1.一种分析柞蚕茧中蛋白质组的方法，其特征在于：

采取如下步骤：

1)取样：取3个质量相同的同批柞蚕茧，剥去茧衣，分别编号为a、b、c；

2)分层：将a、b、c置于去离子水中加热，将茧壳分为外层、中层、内层和蛹衬，分别记为a1、a2、a3、a4，b1、b2、b3、b4，c1、c2、c3、c4；将分层的茧层放入60℃烘箱干燥；

3)溶解：称取同一质量的不同茧层，剪碎，置于0.5wt％Na2CO3溶液中，调节pH11～12，

130℃下水热反应4～6h，冷却后，离心除去未完全溶解部分，得到蚕丝蛋白溶液的粗产物；

4)纯化：将蚕丝蛋白溶液在4℃条件下蚕丝蛋白溶液的粗产物经过截留分子量为1000的膜透析24h，得到蚕丝蛋白溶液；

5)冷冻干燥：将蚕丝蛋白溶液在-30～-10℃的低温中冷冻，经真空冷冻干燥后得到蚕丝蛋白粉末；

6)SDS-PAGE凝胶电泳：蚕丝蛋白粉末溶于CB 9.6缓冲液中，得到20μg/μL的溶解液；取5～10μL溶解液，加入等体积的上样缓冲液，在100℃条件下加热10min，冷却至室温后，将各样品和蛋白Marker加入10％～15％聚丙烯酰胺凝胶中，进行电泳实验，所述聚丙烯酰胺凝胶包括分离胶和浓缩胶；

7)染色：电泳结束后，剥离浓缩胶，用去离子水将分离胶冲洗干净，置于固定液中固定

25～35min；除去固定液，用去离子水清洗3～5次，每次10～20min；之后将分离胶浸入考马斯亮蓝G-250染色液中，摇床染色3～5h；

8)脱色：用去离子水清洗分离胶至条带清晰，背景透明；

9)切胶脱色：将蛋白条带从分离胶上切下，置于干净的离心管中，用去离子水清洗2～3次后，进行还原和烷基化；再加入由25mM碳酸氢铵和50％乙腈配置的脱色液，超声处理，吸去脱色液后，重复一次，最后加入50～100μL乙腈，振荡脱水，待胶条变白后，吸去全部液体，冷冻干燥；

10)胶内酶解：以1:50的浴比将胶条浸没于25mM碳酸氢铵中，加入2～10μg测序级且经过修饰的胰蛋白酶，在37℃下孵育12～16h，收集提取液后，再加入20～50μL萃取液，所述萃取液为5％甲酸溶液和乙腈按体积比1:1混合，重复提取胶条中的多肽片段；将提取液冷冻干燥后，重新溶于0.1％甲酸溶液中；

11)质谱分析：进行LC-MS/MS测试，采用蛋白质定量技术测定相对定量，将不同层的蛋白质种类和含量的数据进行综合分析，比较每层中各组分的相对含量。

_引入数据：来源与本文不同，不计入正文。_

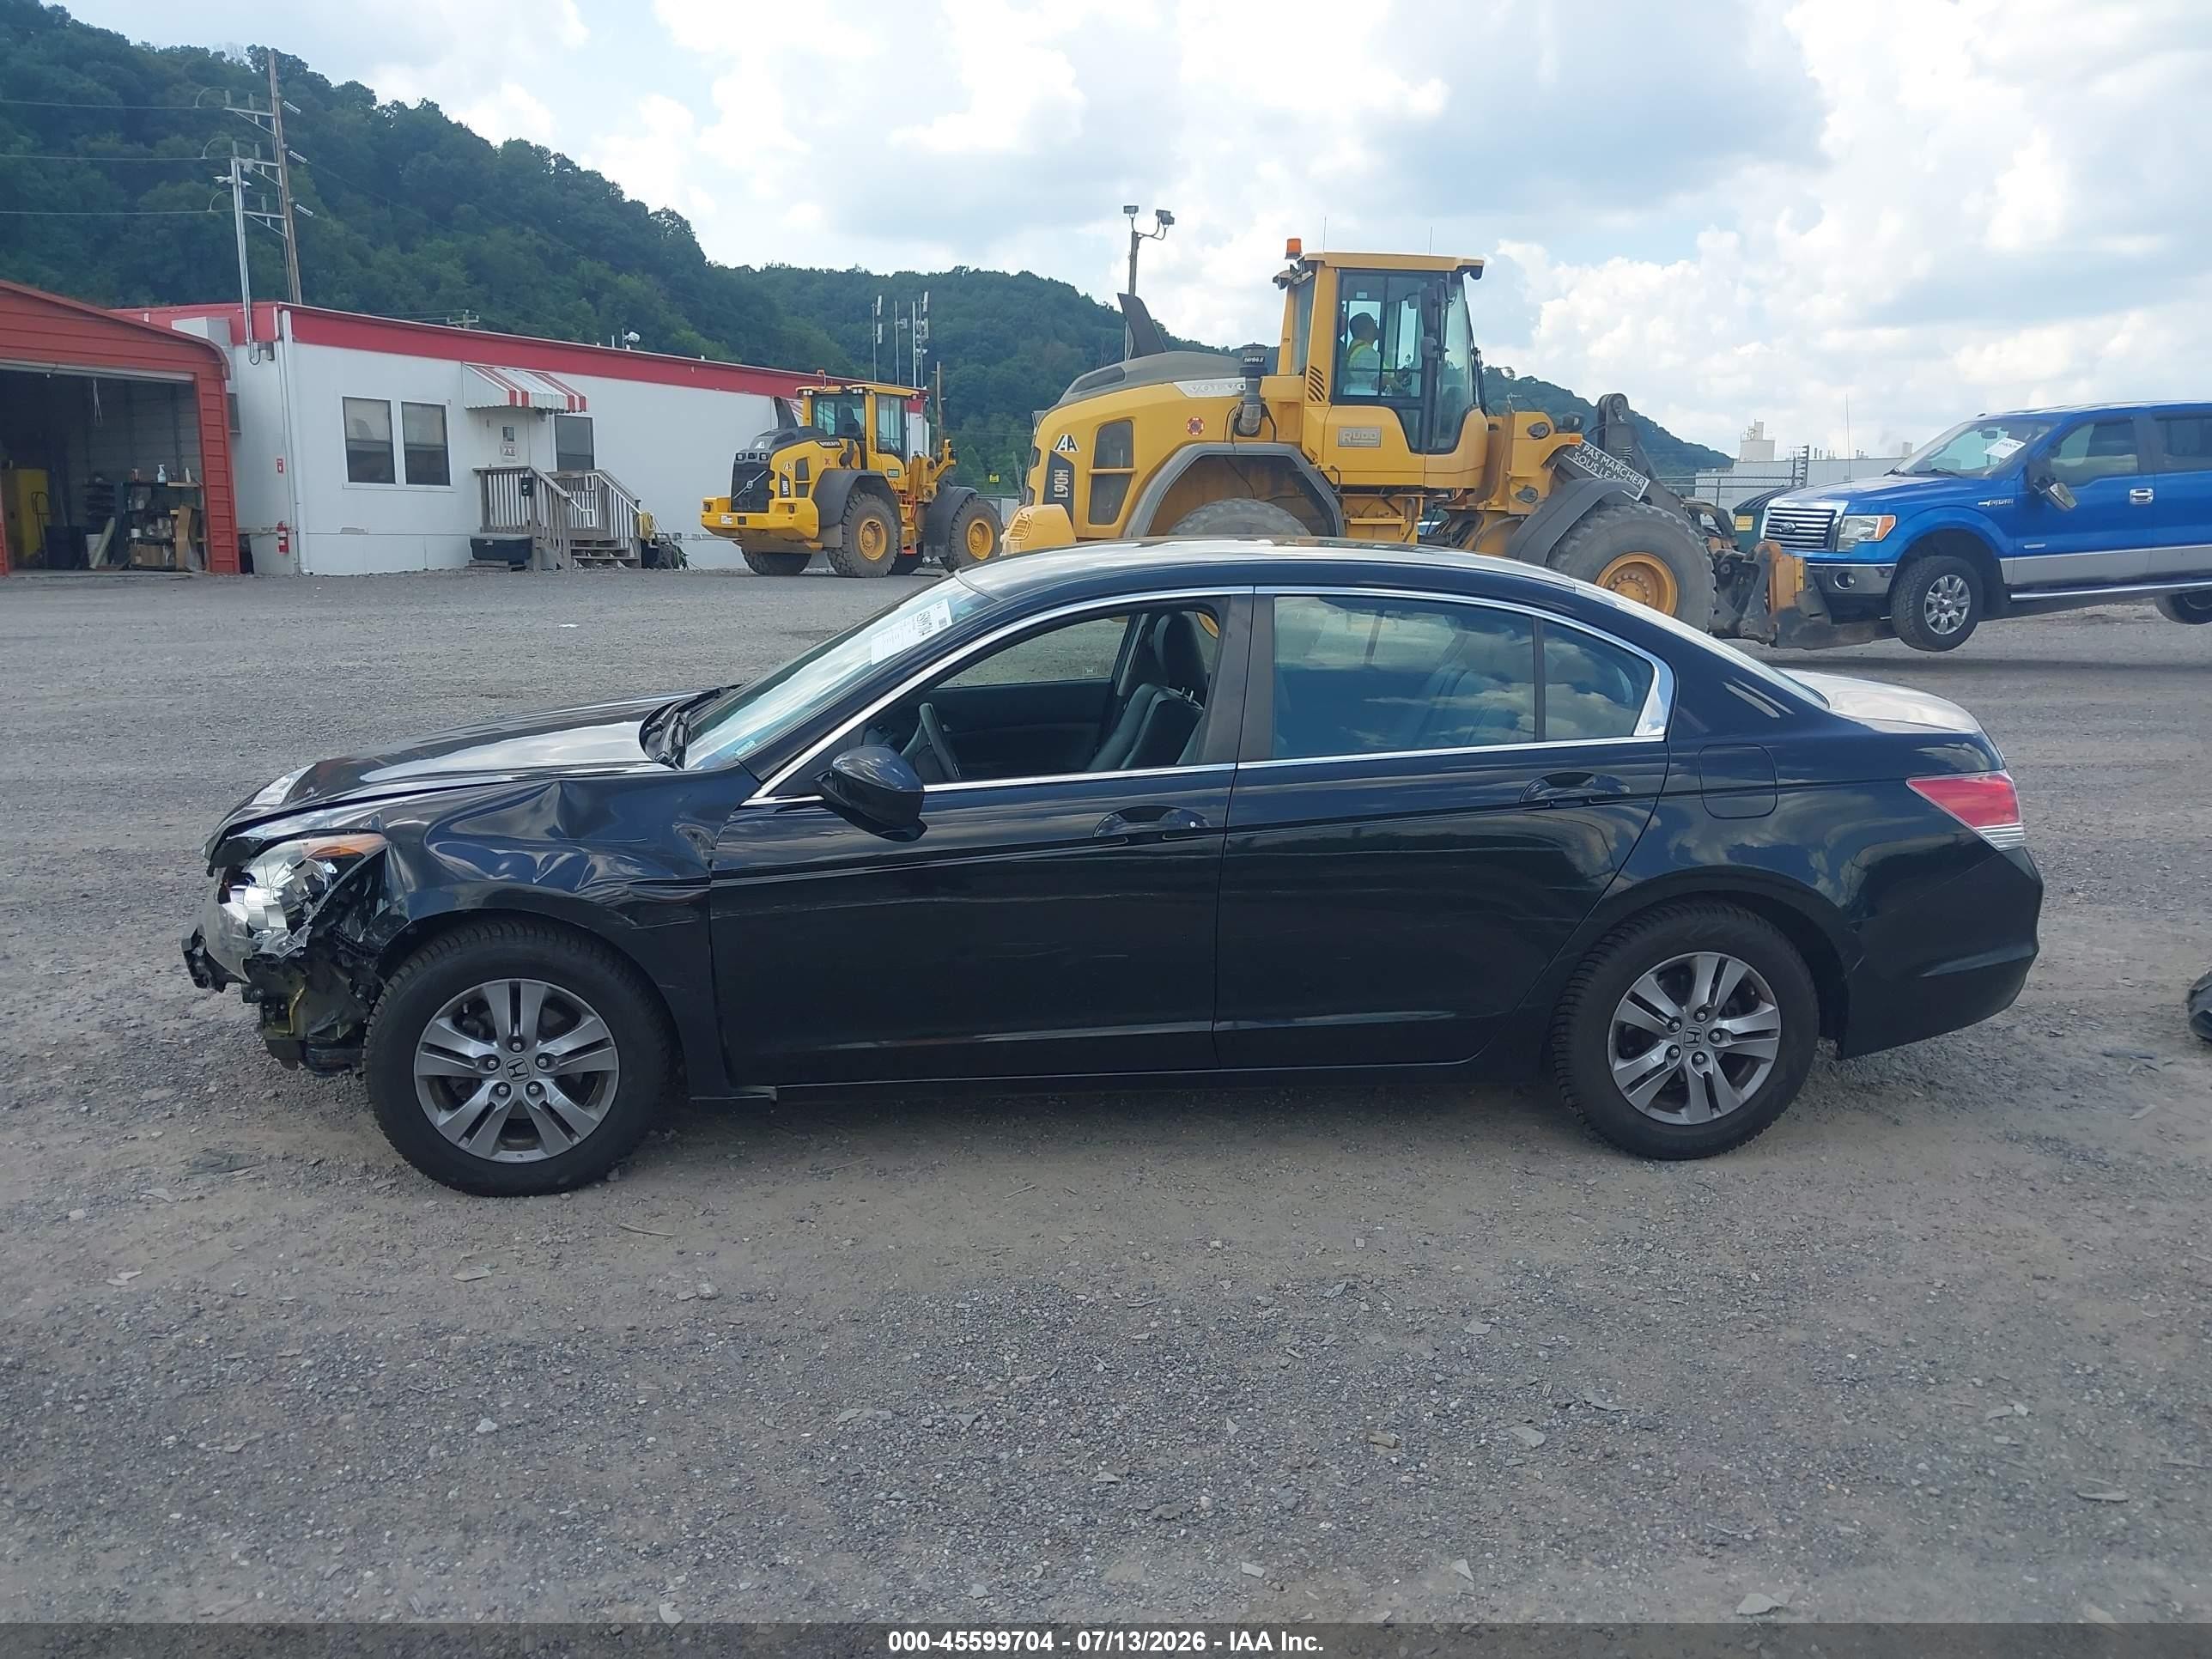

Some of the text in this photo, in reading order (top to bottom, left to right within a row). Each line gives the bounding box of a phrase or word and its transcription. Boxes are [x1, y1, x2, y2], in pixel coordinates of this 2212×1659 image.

[1573, 452, 1599, 471] SOUS
[1598, 467, 1612, 479] LE
[1583, 445, 1644, 489] PAS MARCHER
[1054, 469, 1069, 498] L90H

2.根据权利要求1所述的一种分析柞蚕茧中蛋白质组的方法，其特征在于：所述步骤2)分层时，将柞蚕茧按1:100的浴比置于去离子水中，控制温度在95±2℃，水浴加热5～

10min。

3.根据权利要求1所述的一种分析柞蚕茧中蛋白质组的方法，其特征在于：所述步骤6)凝胶电泳中，先恒压80V，10min后调整电压为120V，待样品中的溴酚蓝指示剂位于凝胶底部时，取出凝胶。

4.根据权利要求1所述的一种分析柞蚕茧中蛋白质组的方法，其特征在于：所述步骤7)染色中，固定液的配置：40mL甲醇、10mL乙酸，加去离子水至100mL；染色液的配置：将100g硫酸铵加入100mL去离子水和100mL磷酸的混合溶液中，充分搅拌至溶解完全，加入1.2g考马斯亮蓝G-250、800mL去离子水，充分搅拌后加入200mL甲醇。

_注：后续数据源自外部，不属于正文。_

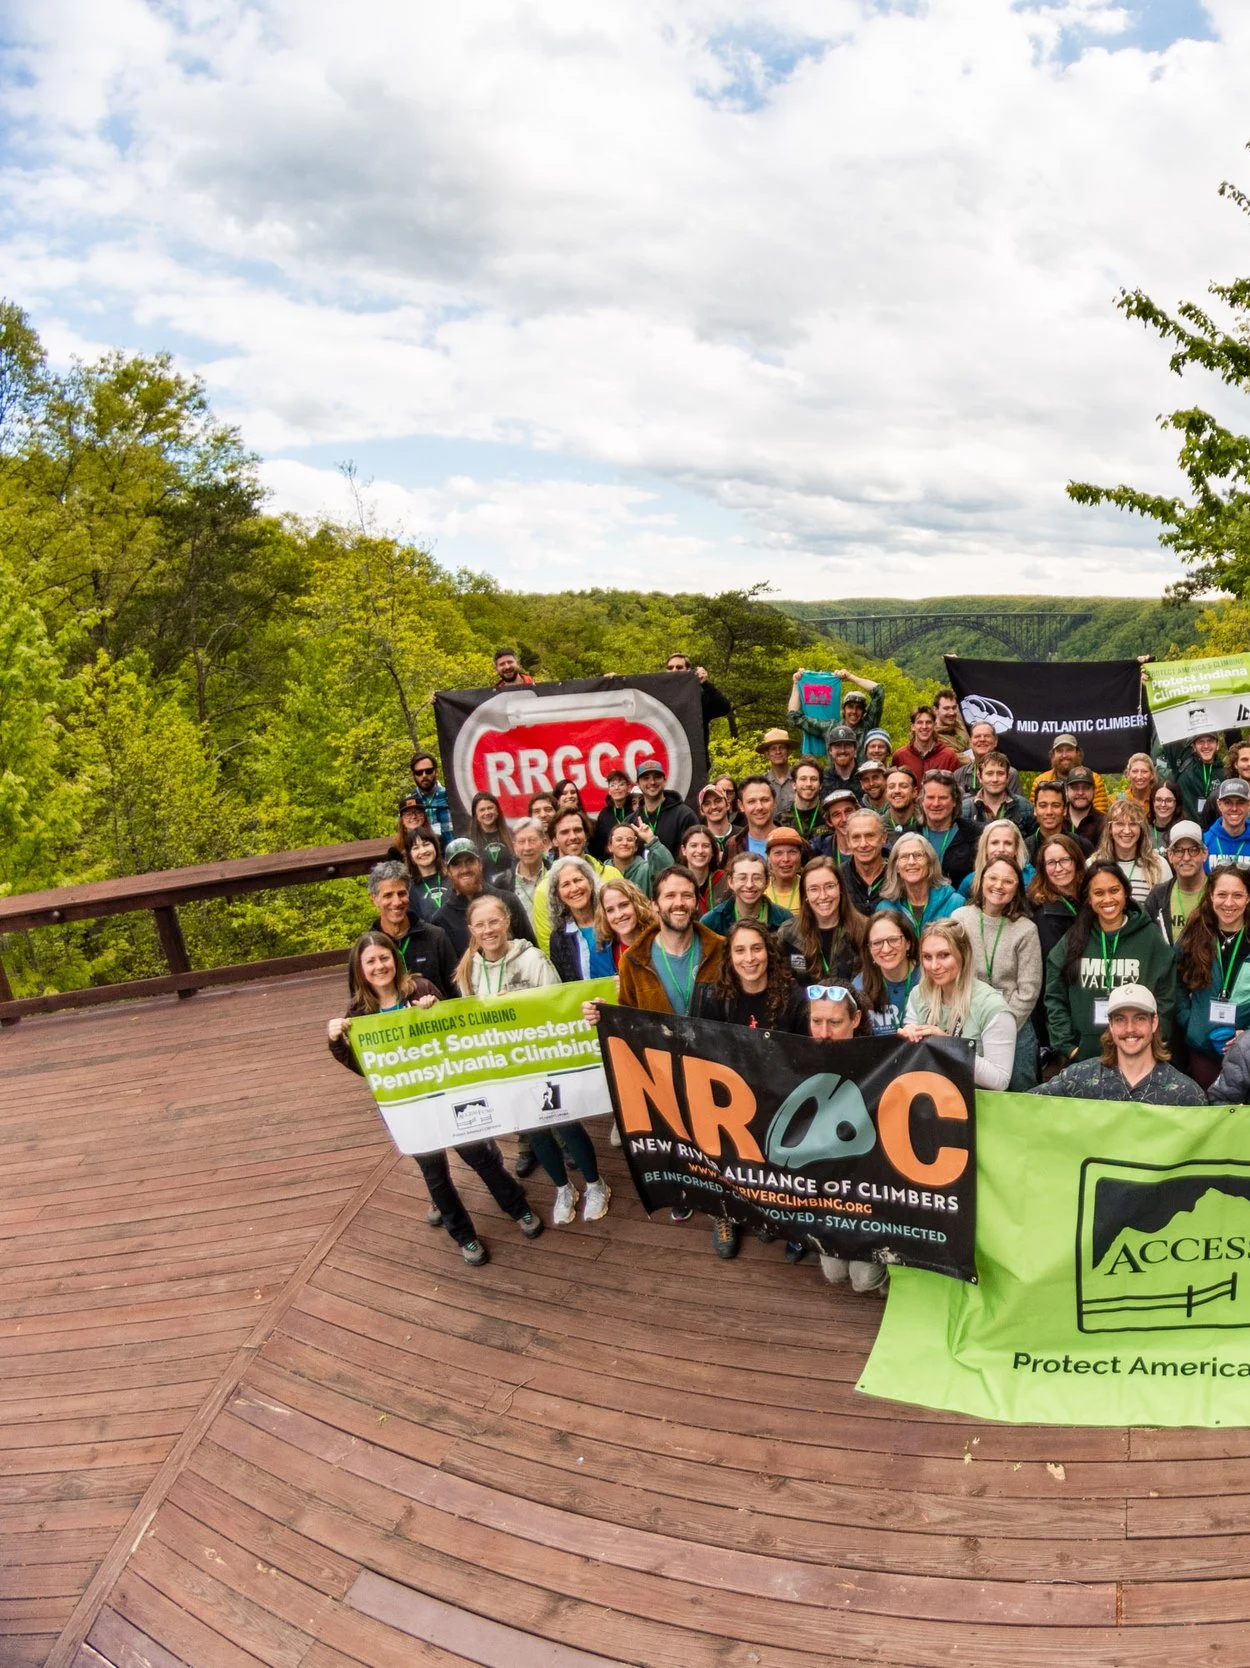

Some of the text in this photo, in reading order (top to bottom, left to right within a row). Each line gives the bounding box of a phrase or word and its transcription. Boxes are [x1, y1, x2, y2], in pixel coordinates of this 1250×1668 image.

[1151, 667, 1248, 691] Protect Indiana
[1153, 683, 1211, 703] Climbing
[1017, 720, 1039, 733] MID
[1041, 718, 1094, 733] ATLANTIC
[484, 739, 656, 798] RRGCC
[1080, 957, 1140, 976] MUIR
[358, 1008, 517, 1047] PROTECT AMERICA'S CLIMBING
[362, 1017, 591, 1070] Protect Southwestern
[368, 1036, 602, 1092] Pennsylvania Climbing
[631, 1138, 672, 1153] NEW
[724, 1166, 818, 1194] ALLIANCE
[823, 1180, 852, 1195] OF
[858, 1182, 960, 1212] CLIMBERS
[643, 1171, 662, 1183] BE
[663, 1170, 724, 1193] INFORMED
[826, 1215, 858, 1231] STAY
[860, 1221, 947, 1243] CONNECTED
[1012, 1351, 1121, 1374] Protect

5.根据权利要求1所述的一种分析柞蚕茧中蛋白质组的方法，其特征在于：所述步骤9)还原烷基化的步骤：加入500μL乙腈，处理10min后，凝胶脱水呈现不透明，快速离心，吸去液体；加入30～50μL溶于100mM NH4HCO3的10mM二硫苏糖醇溶液，覆盖全部胶条，56℃水浴

30min，冷却至室温后，加入500μL乙腈，10min后吸去全部液体；在加入30～50μL溶于100mM NH4HCO3的55mM碘乙酰胺溶液，覆盖全部胶条，室温避光20min；加入乙腈使胶条脱水后吸去全部液体。